I am so happy to be a part of a church that fosters the values of holistic thinking…that creates opportunities for women to get educated and exposed to a hurting world, to get involved serving the whole person, to get involved in things that will nurture our children to grow up seeing God’s values

 

Our church has a great ministry to the immigrants and refugees from countries around the world right here in Wheaton ,  who have found safe haven in our country. Some of you know we host English as a Second Language classes here at church. Some of you help drive them to and from class, you help tutor them, you bring meals to some who have had babies, some of you reach out to single moms.

 

Many of you helped the family that resettled here after Hurricane Katrina. Some of your families go on summer mission trips together…some families drive 13 hours to an Indian reservation in Canada or take their high schoolers to the Dominican Republic and work on the Kids Alive orphanages there.

 

Last Christmas I overheard two mothers talking right outside this door. They were figuring out when they could take their little pre-schoolers to a nursing home over the holidays. One mom said, “I don’t want my kids to think that Christmas is about what they’re going to get, I want them to know that it’s about giving. “

 

Many of you fill the Christmas shoe boxes that are sent all around the world. We, as a church, have the distinction of being among the top ten churches in the country to fill the most Operation Christmas Child boxes. These next few weeks we will be collecting peanut butter, used blue jeans (PB and J) for orphans in Ukraine connected with Little Lambs, Renate Kurz's ministry here in Wheaton. Another very hands-on opportunity is sewing camp shirts for L’Arcada Camp in Spain . I know we would like you to sign up tonight, if you would be willing to sew some camp shirts this spring.  There are so many possibilities in being involved holistically in the needs around the world.
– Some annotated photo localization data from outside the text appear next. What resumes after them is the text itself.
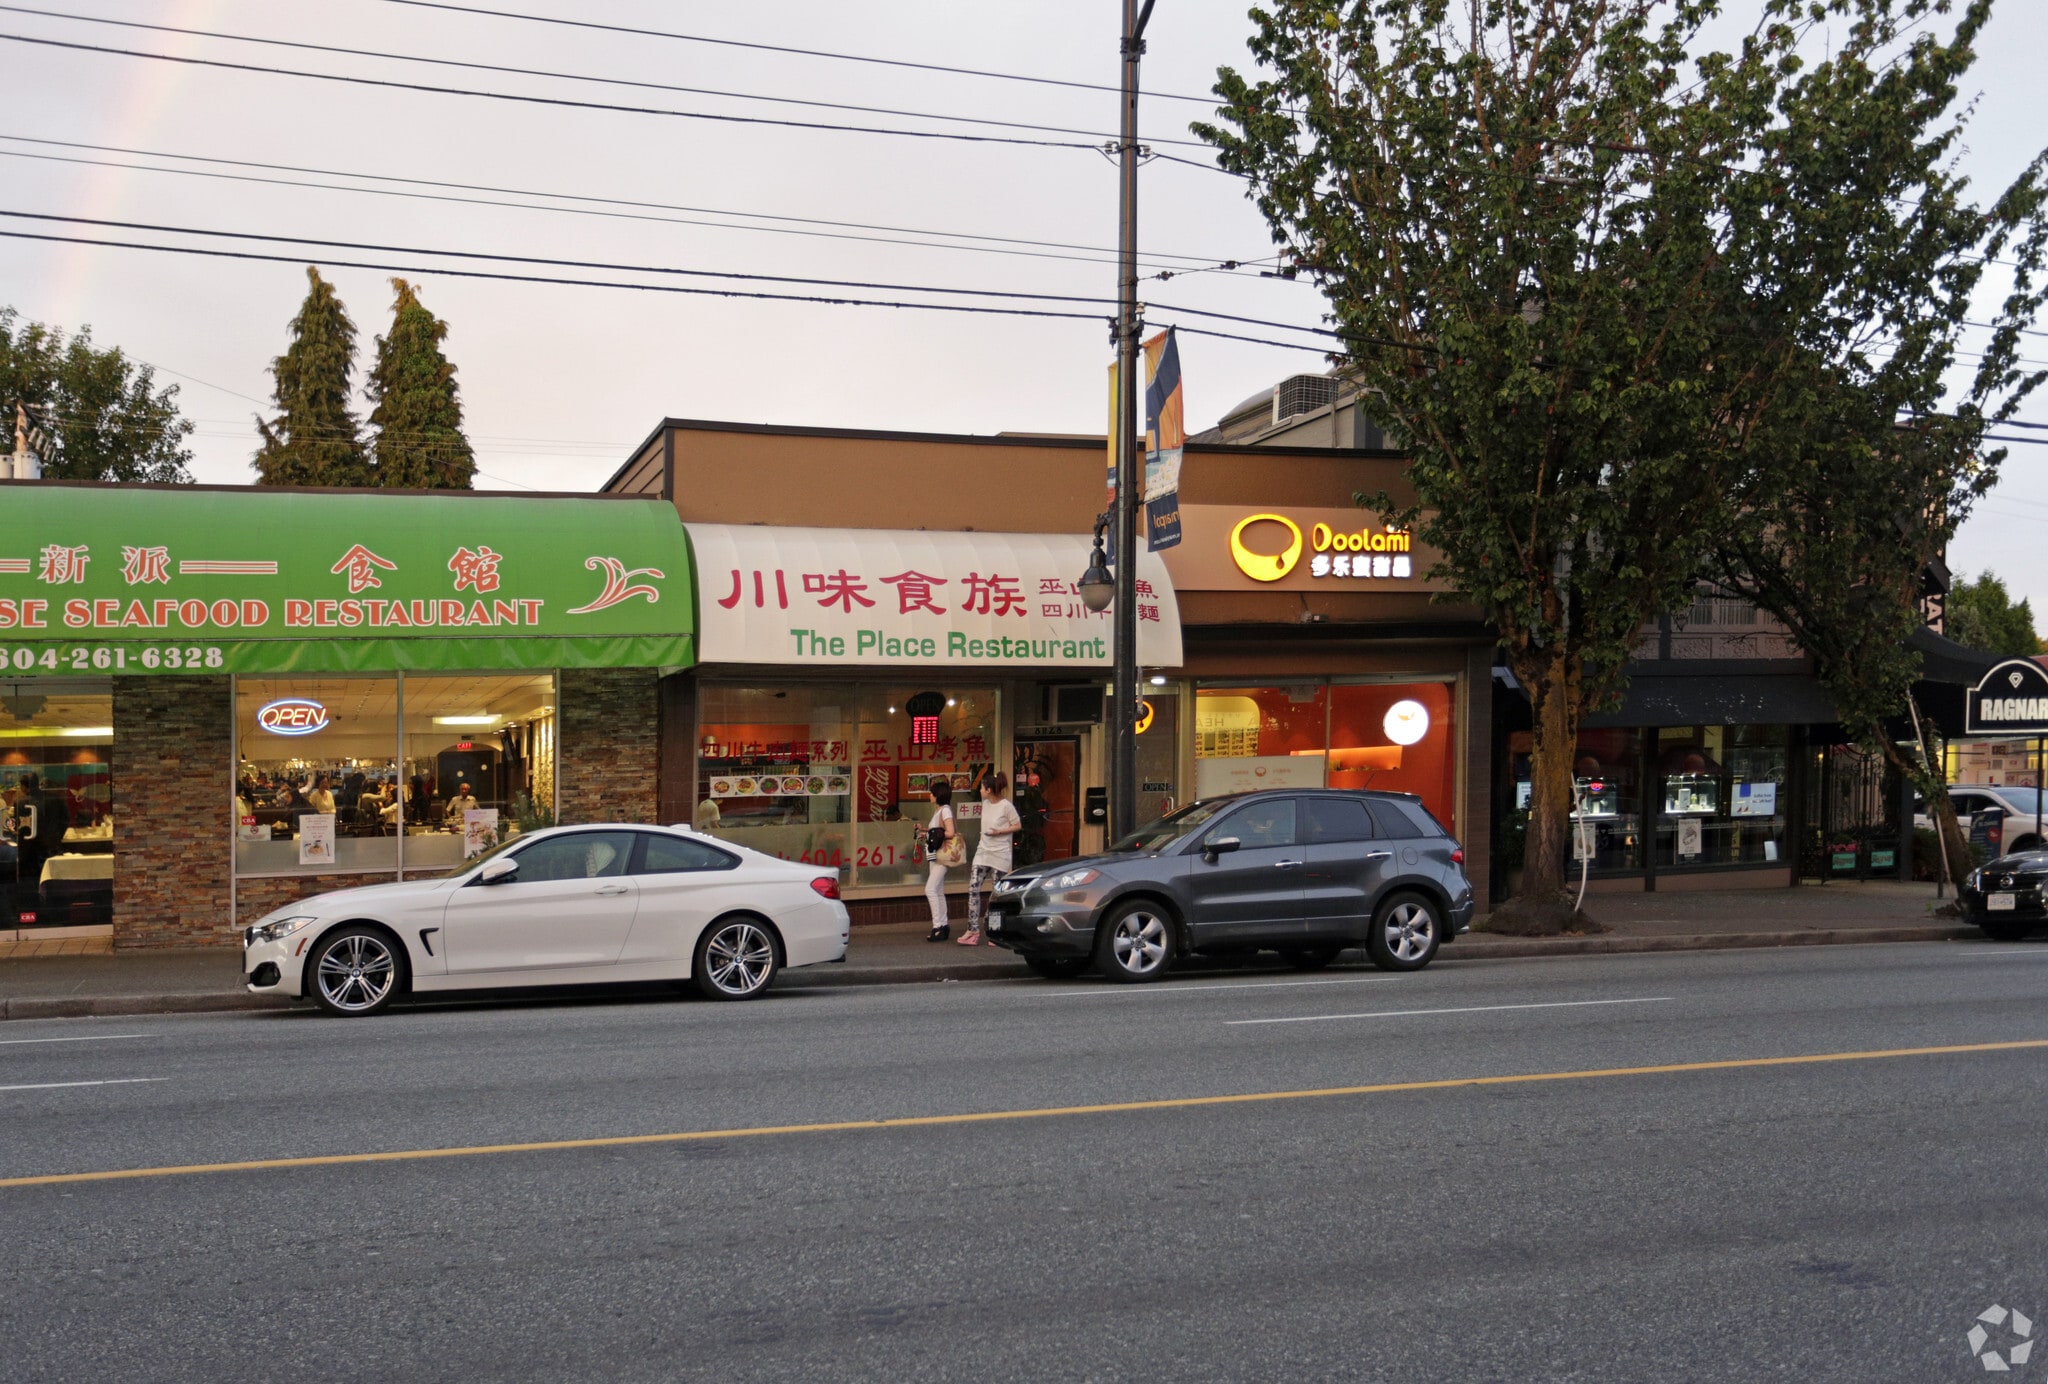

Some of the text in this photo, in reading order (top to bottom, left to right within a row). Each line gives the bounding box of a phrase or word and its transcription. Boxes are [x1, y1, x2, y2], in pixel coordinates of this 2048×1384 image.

[1312, 522, 1411, 552] Doolami
[717, 568, 1028, 618] 川味食族
[63, 598, 270, 629] SEAFOOD
[285, 598, 544, 629] RESTAURANT
[790, 629, 1106, 658] The Place Restaurant
[261, 708, 327, 726] OPEN
[1980, 698, 2048, 721] RAGNAR
It will expand your heart and expand the work of the kingdom.  

 

We realize anew that to reach people for Jesus Christ, we must see them as God sees them…a whole person, with physical and social and spiritual needs.

 

Holistic homemaking…anyone who lives in a home…can be a holistic homemaker, someone who sees her role in her home as so much more than keeping the house clean and food in the fridge. It’s about using your home for God’s purposes, to see your home as a reflection of your heart, one that reflects God’s heart.

 

There are so many ways to grow, whether it’s using the map on the wall that you see when you’re doing laundry or the one that you have in your kids’ room, marked with some locations you pray for, or praying for the children in Kenya with AIDS in Josephine’s Community Center. Whether it’s inviting your foreign-born neighbor over for coffee and learning about her country or whether its writing a short email message to one of the missionaries you have met here tonight….it will bring you closer to the heart of God and His love for the world.
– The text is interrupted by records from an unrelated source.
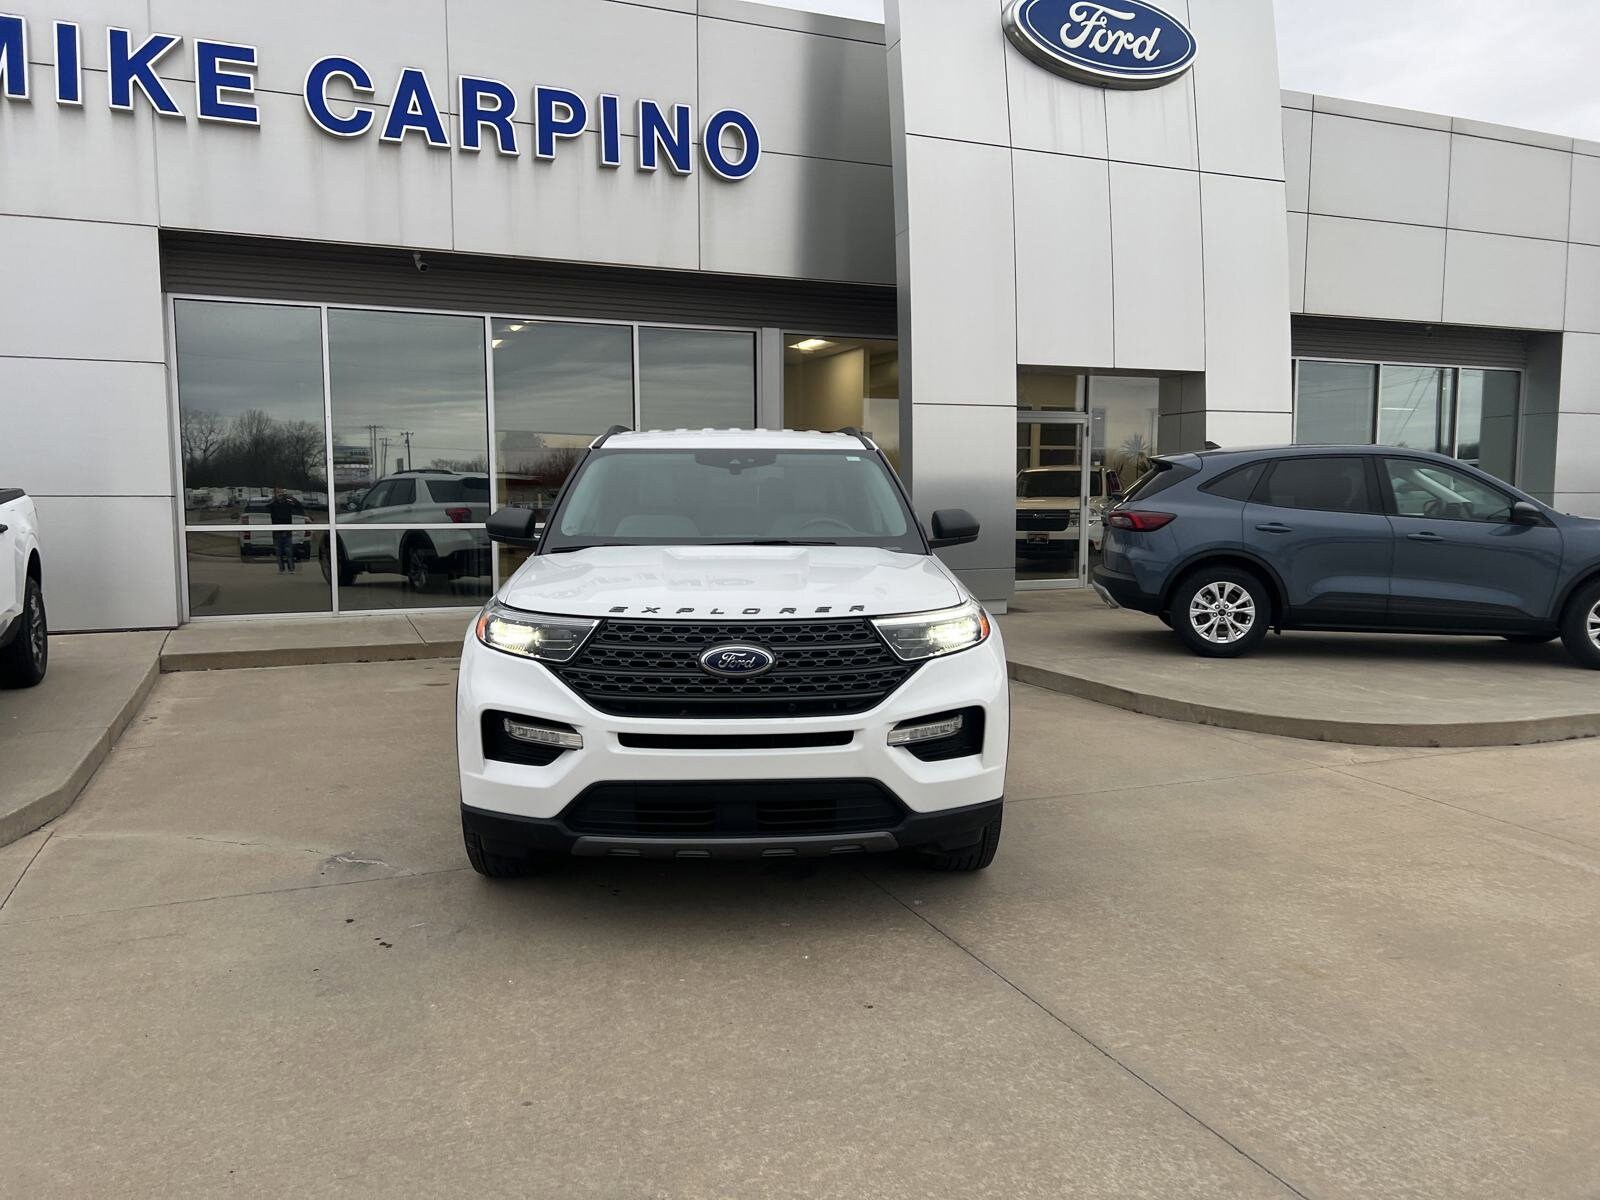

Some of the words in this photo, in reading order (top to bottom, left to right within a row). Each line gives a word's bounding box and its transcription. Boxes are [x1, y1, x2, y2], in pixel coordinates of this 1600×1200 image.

[1059, 1, 1162, 62] Ford
[303, 55, 762, 181] CARPINO
[608, 604, 866, 616] EXPLORER
[718, 652, 756, 668] Ford
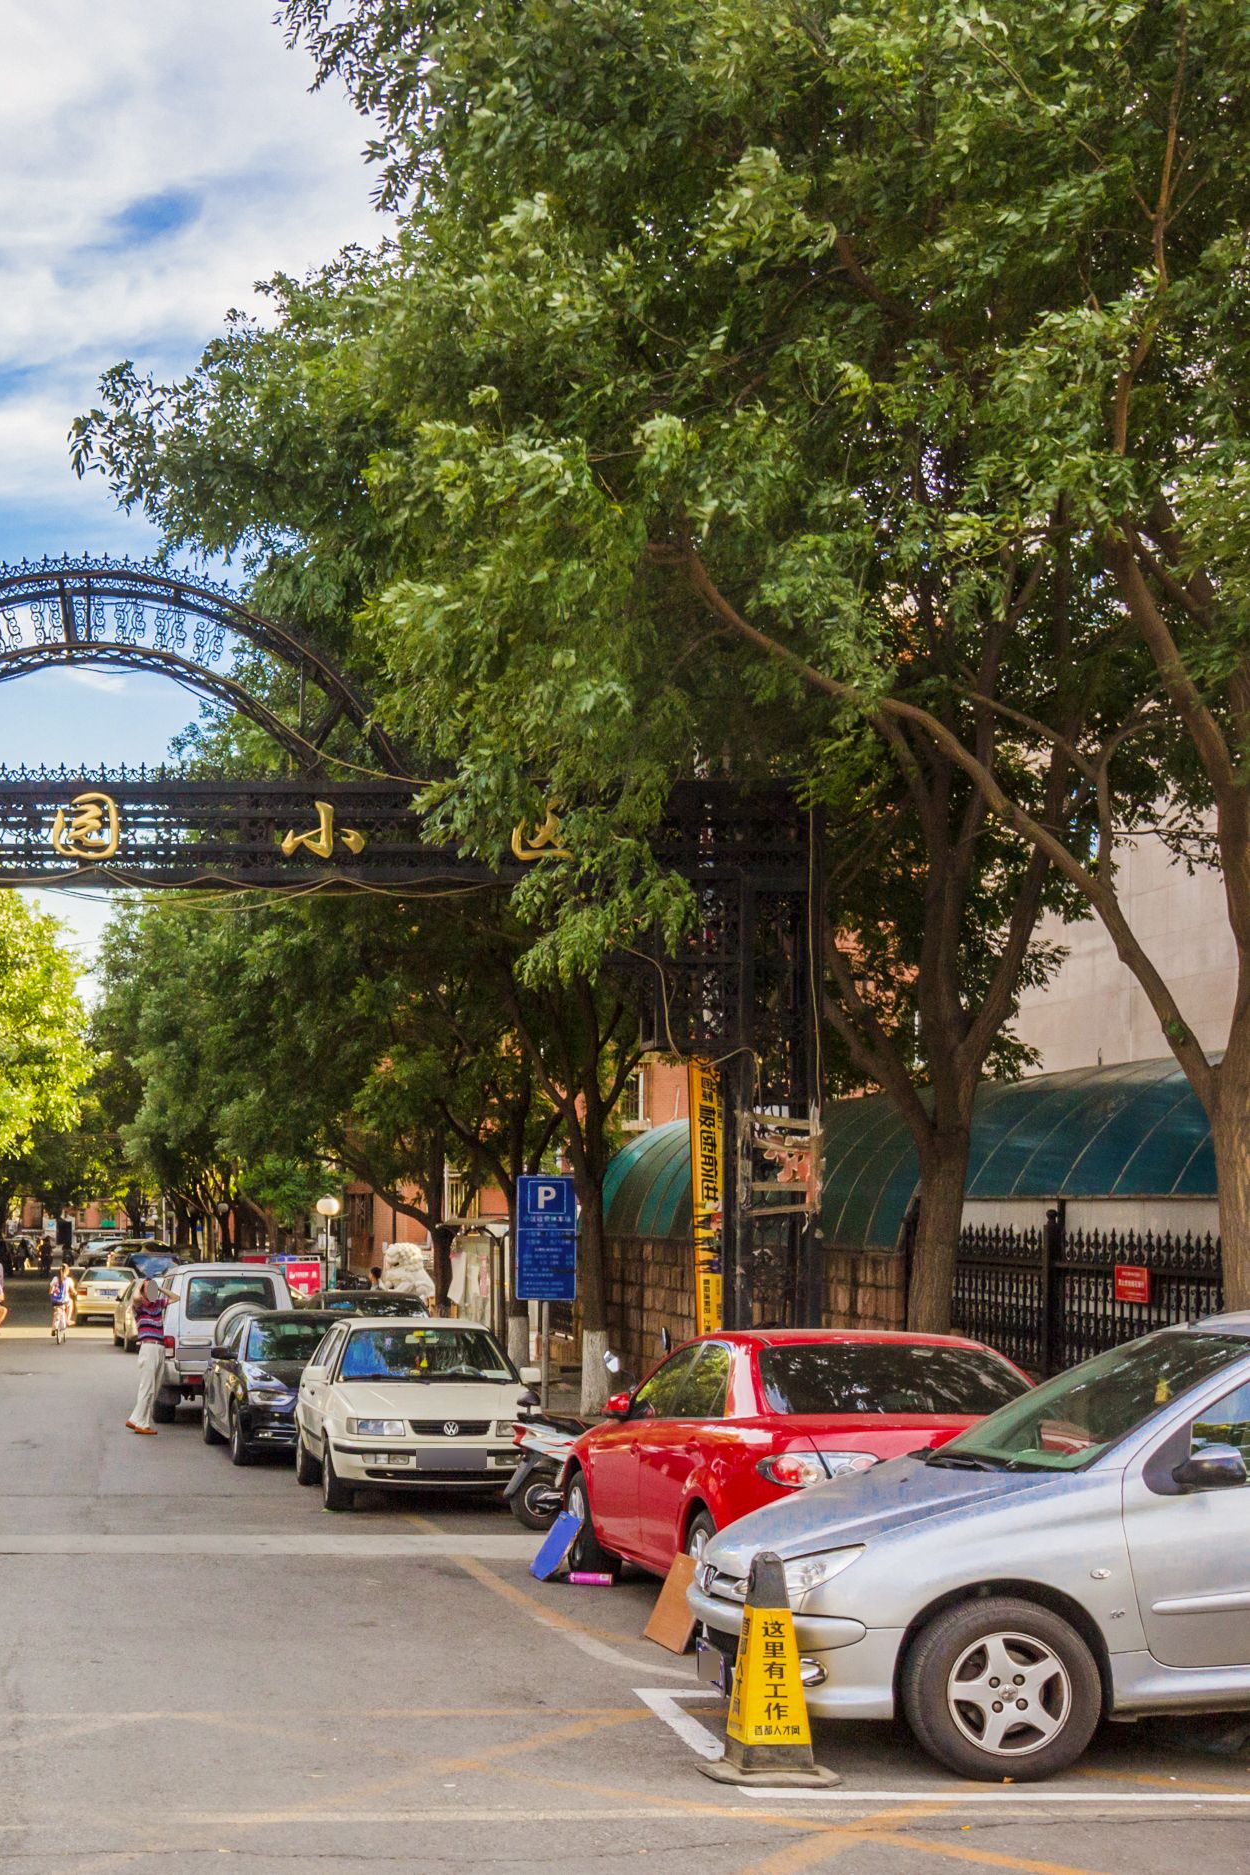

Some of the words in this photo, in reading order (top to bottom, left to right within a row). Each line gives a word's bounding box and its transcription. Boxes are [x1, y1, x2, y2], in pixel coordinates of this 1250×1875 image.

I hope God has impressed something we have talked about tonight on your heart. Let us ask God what we can do.

 

In closing I want you each to take two cards from the center of your table, I would like to challenge us to take a moment and jot down two or three things that God may be impressing on you tonight that you can do in your homemaking. Jot down something that you would like to do in the next few months…that God has stirred in your heart. Jot them down…these are only for you to see. Now, I’d like to ask you to jot down those same words on the other card. Put one card in an envelope at the table and seal it, and write your address on the front and I will commit to send you that envelope in six months as a reminder of some goals you set tonight. Take the other one with you tonight."